◆ Problem description:
With images removed, transcribe each record exactly as it appears.

[Items from a dataset]
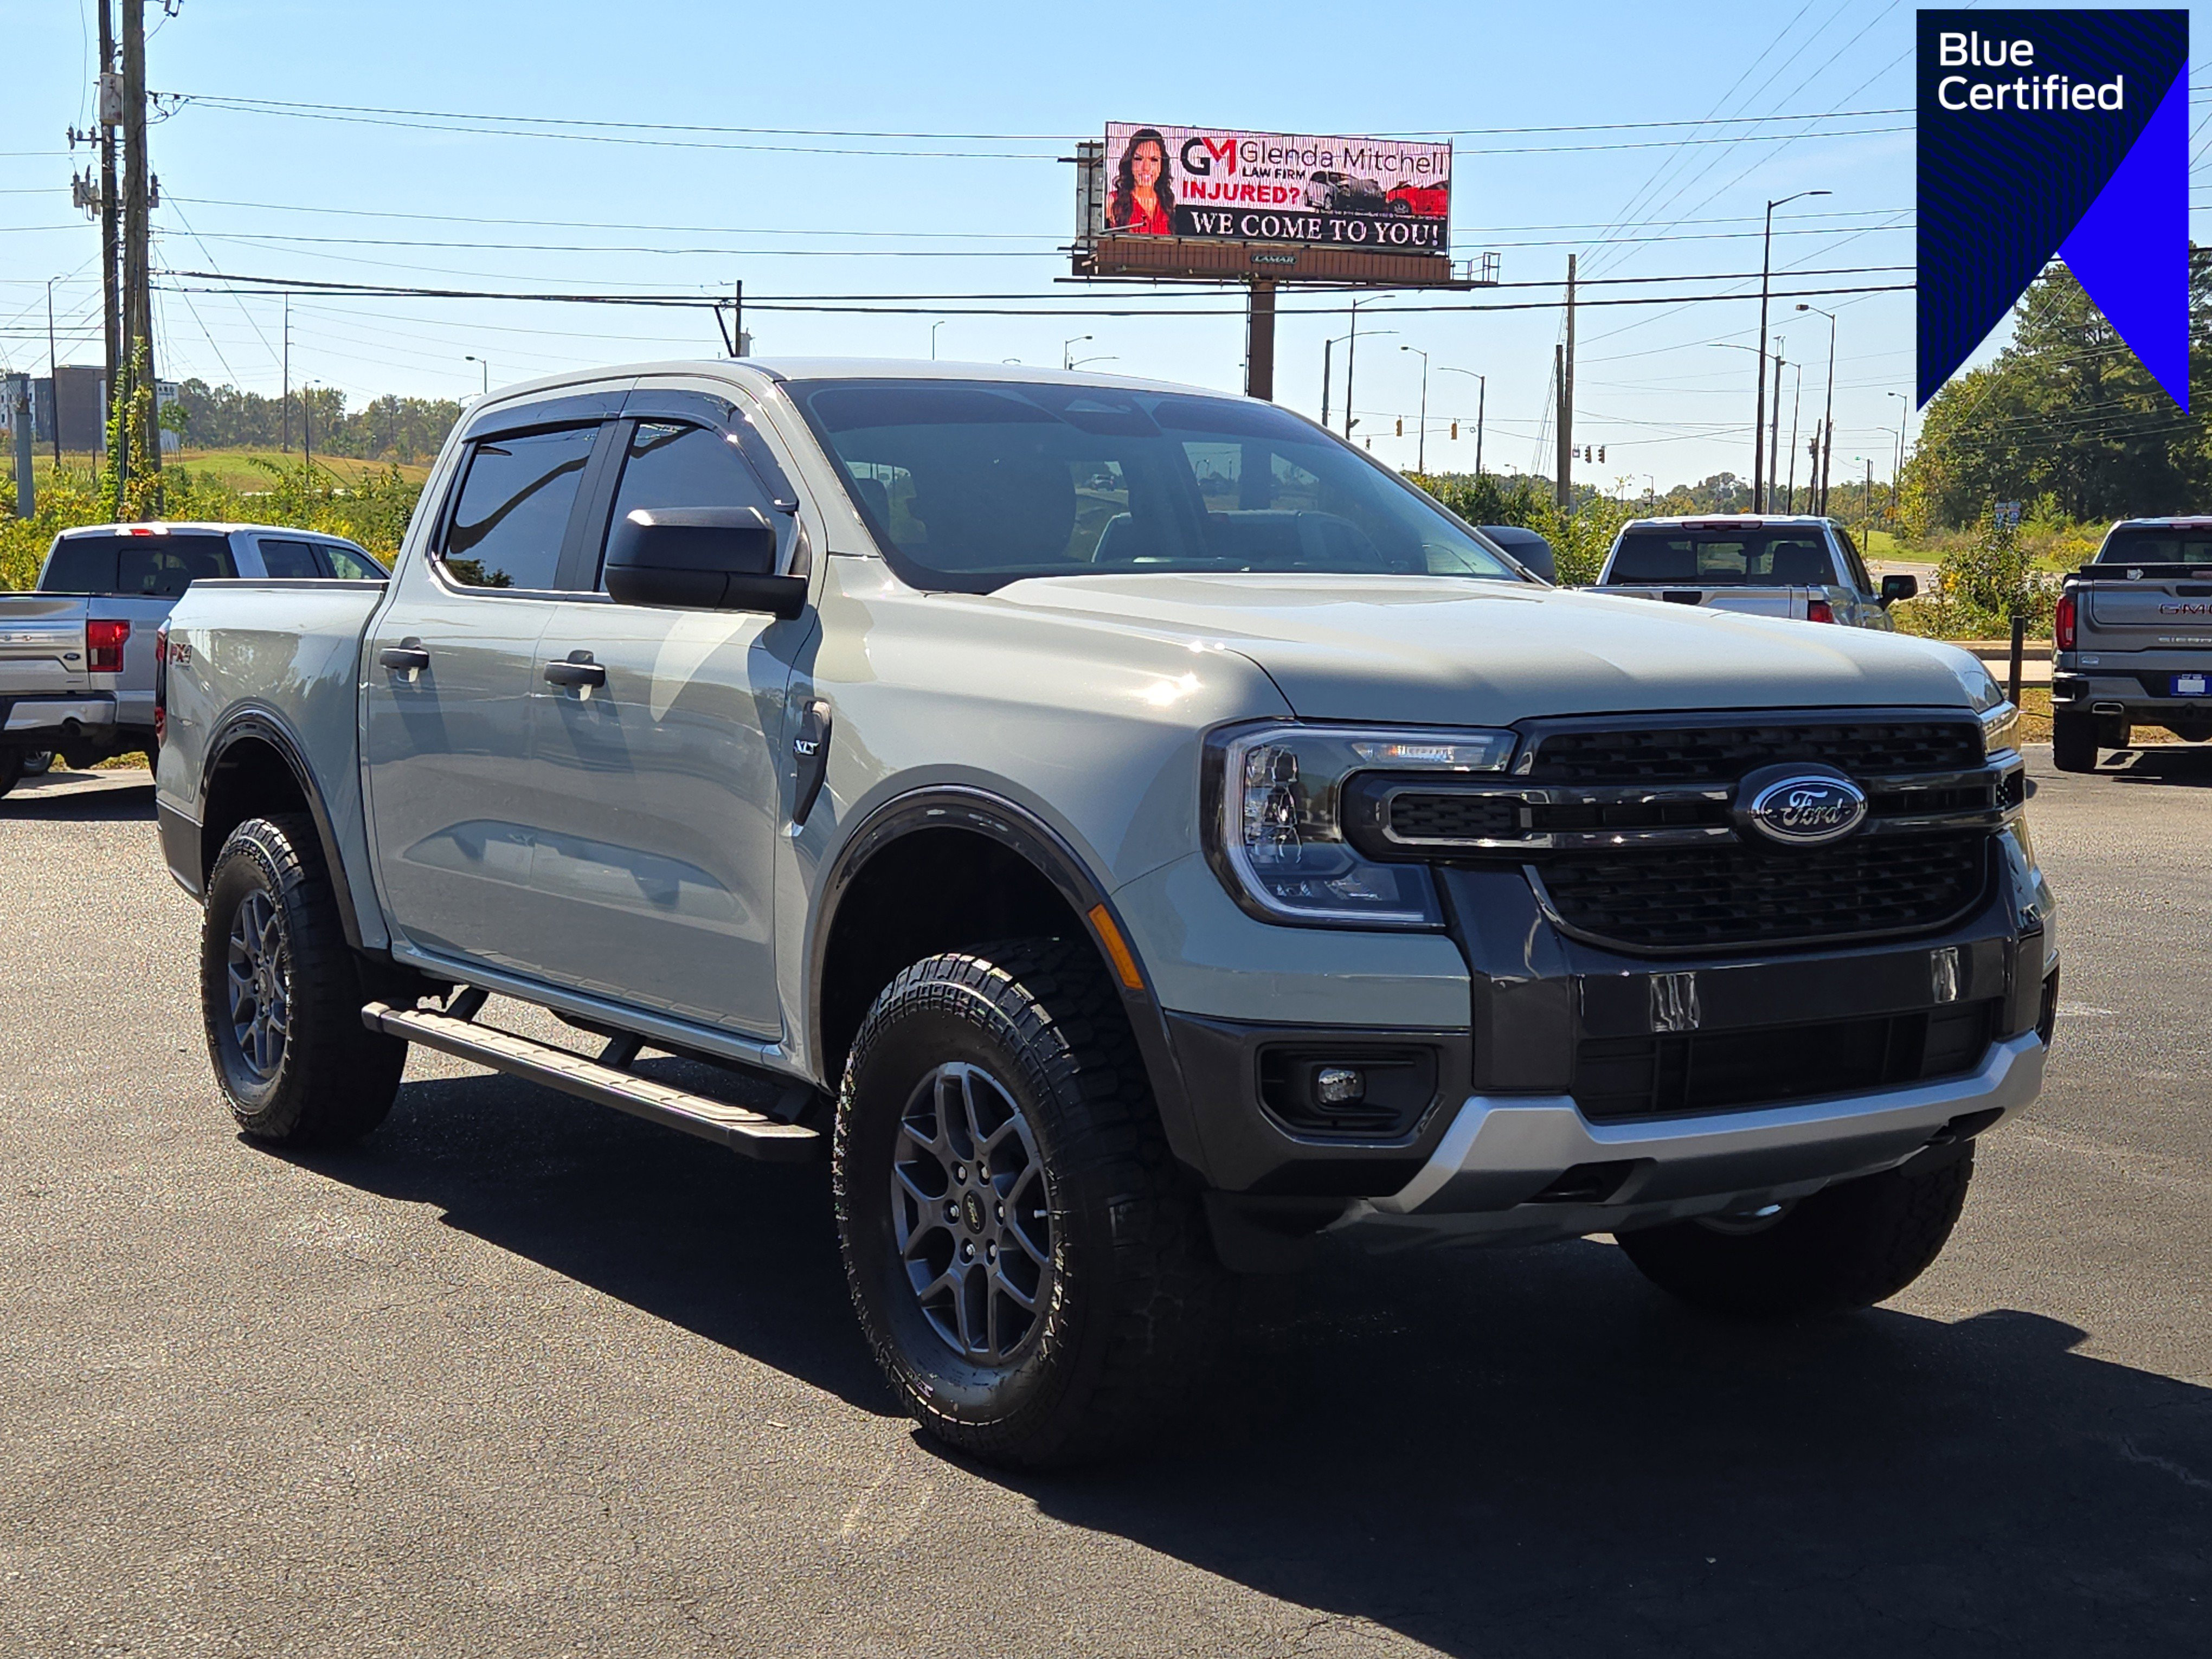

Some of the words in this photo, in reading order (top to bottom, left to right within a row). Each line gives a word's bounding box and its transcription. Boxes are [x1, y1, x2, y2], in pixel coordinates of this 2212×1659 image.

[1240, 140, 1333, 168] Glenda
[1344, 147, 1443, 175] Mitchell
[1242, 166, 1272, 177] LAW
[1275, 168, 1306, 180] FIRM
[1183, 181, 1300, 204] INJURED?
[1191, 211, 1234, 234] WE
[1241, 215, 1322, 240] COME
[1329, 219, 1367, 242] TO
[1374, 221, 1438, 246] YOU!
[1255, 255, 1294, 263] LAMAR
[2159, 603, 2212, 615] GM
[1780, 790, 1844, 826] Ford
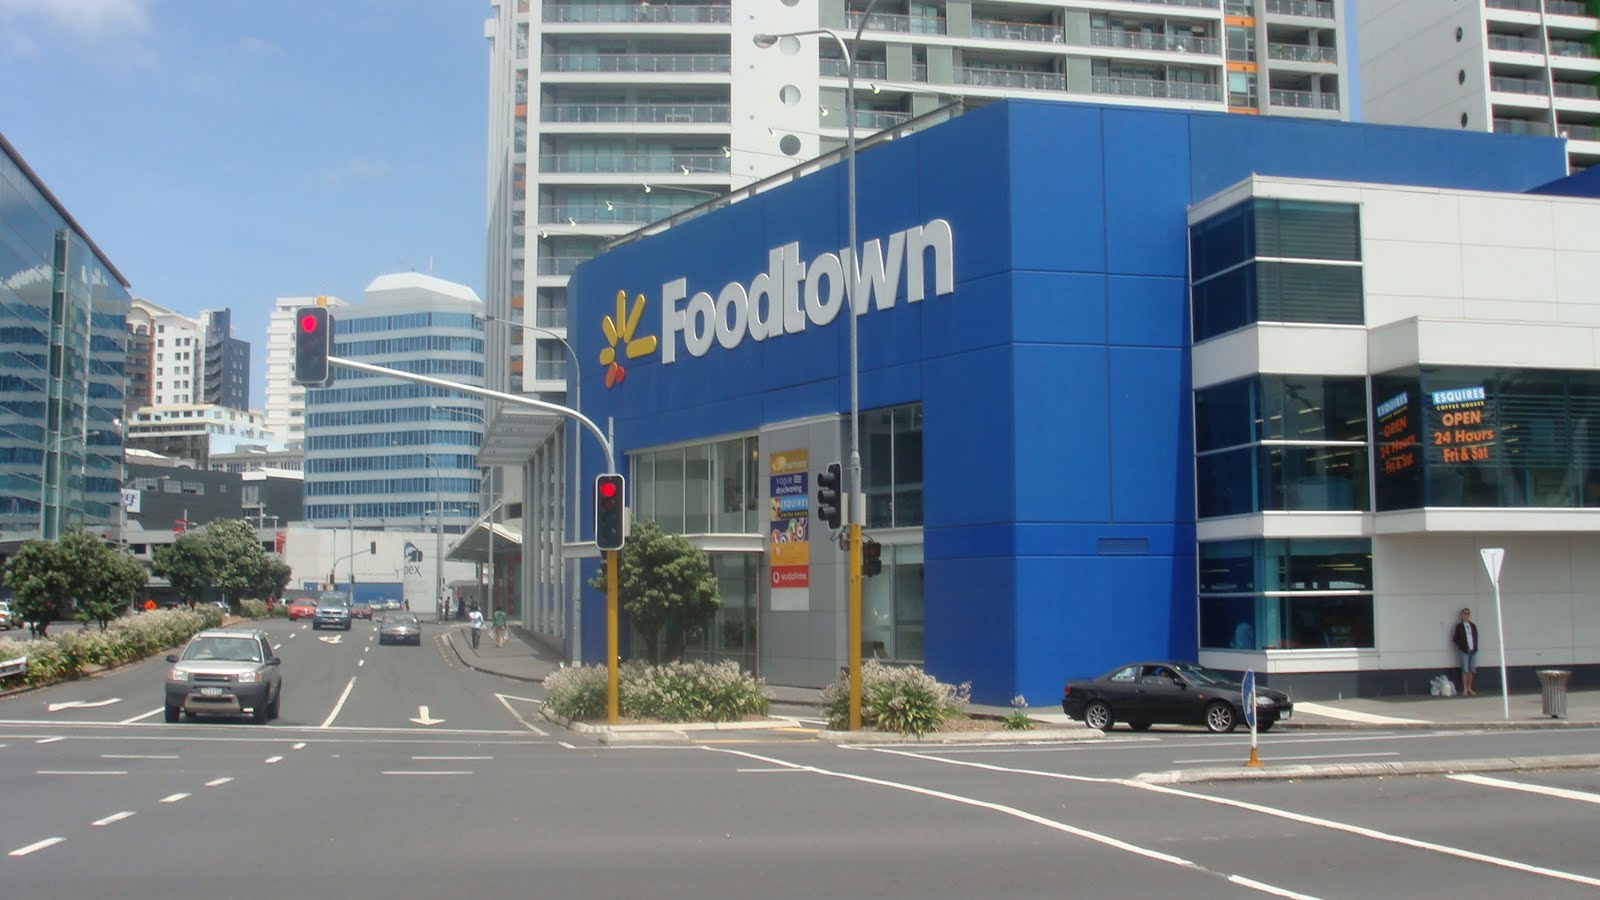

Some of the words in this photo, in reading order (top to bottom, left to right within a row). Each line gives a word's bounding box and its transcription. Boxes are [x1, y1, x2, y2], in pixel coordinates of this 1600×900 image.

◆ Written answer:
Some of the words in this photo, in reading order (top to bottom, left to right within a row). Each line gives a word's bounding box and its transcription. Boxes are [x1, y1, x2, y2], in pixel coordinates of this 2212×1659 image.

[1240, 140, 1333, 168] Glenda
[1344, 147, 1443, 175] Mitchell
[1242, 166, 1272, 177] LAW
[1275, 168, 1306, 180] FIRM
[1183, 181, 1300, 204] INJURED?
[1191, 211, 1234, 234] WE
[1241, 215, 1322, 240] COME
[1329, 219, 1367, 242] TO
[1374, 221, 1438, 246] YOU!
[1255, 255, 1294, 263] LAMAR
[2159, 603, 2212, 615] GM
[1780, 790, 1844, 826] Ford

Some of the words in this photo, in reading order (top to bottom, left to right within a row). Each line gives a word's bounding box and its transcription. Boxes are [x1, y1, x2, y2], in pixel coordinates of this 1600×900 image.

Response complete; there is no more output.